■ **ACTIVITY**
Please provide the entries below again, word for word.

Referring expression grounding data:

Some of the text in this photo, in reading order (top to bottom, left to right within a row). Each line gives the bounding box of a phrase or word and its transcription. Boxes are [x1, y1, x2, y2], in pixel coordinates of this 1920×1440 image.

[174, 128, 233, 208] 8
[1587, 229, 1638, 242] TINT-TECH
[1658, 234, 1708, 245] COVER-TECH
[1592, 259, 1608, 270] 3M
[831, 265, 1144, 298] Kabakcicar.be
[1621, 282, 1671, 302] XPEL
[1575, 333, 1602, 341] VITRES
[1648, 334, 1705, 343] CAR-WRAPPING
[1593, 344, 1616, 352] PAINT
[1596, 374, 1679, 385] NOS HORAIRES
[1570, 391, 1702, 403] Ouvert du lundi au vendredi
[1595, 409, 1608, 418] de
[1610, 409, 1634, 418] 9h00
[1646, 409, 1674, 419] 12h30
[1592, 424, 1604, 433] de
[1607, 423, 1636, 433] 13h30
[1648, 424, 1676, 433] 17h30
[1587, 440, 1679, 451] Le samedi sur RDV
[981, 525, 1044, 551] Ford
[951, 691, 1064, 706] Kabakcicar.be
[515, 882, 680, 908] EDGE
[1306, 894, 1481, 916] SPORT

■ **WRITTEN SOLUTION**
Some of the text in this photo, in reading order (top to bottom, left to right within a row). Each line gives the bounding box of a phrase or word and its transcription. Boxes are [x1, y1, x2, y2], in pixel coordinates of this 1920×1440 image.

[174, 128, 233, 208] 8
[1587, 229, 1638, 242] TINT-TECH
[1658, 234, 1708, 245] COVER-TECH
[1592, 259, 1608, 270] 3M
[831, 265, 1144, 298] Kabakcicar.be
[1621, 282, 1671, 302] XPEL
[1575, 333, 1602, 341] VITRES
[1648, 334, 1705, 343] CAR-WRAPPING
[1593, 344, 1616, 352] PAINT
[1596, 374, 1679, 385] NOS HORAIRES
[1570, 391, 1702, 403] Ouvert du lundi au vendredi
[1595, 409, 1608, 418] de
[1610, 409, 1634, 418] 9h00
[1646, 409, 1674, 419] 12h30
[1592, 424, 1604, 433] de
[1607, 423, 1636, 433] 13h30
[1648, 424, 1676, 433] 17h30
[1587, 440, 1679, 451] Le samedi sur RDV
[981, 525, 1044, 551] Ford
[951, 691, 1064, 706] Kabakcicar.be
[515, 882, 680, 908] EDGE
[1306, 894, 1481, 916] SPORT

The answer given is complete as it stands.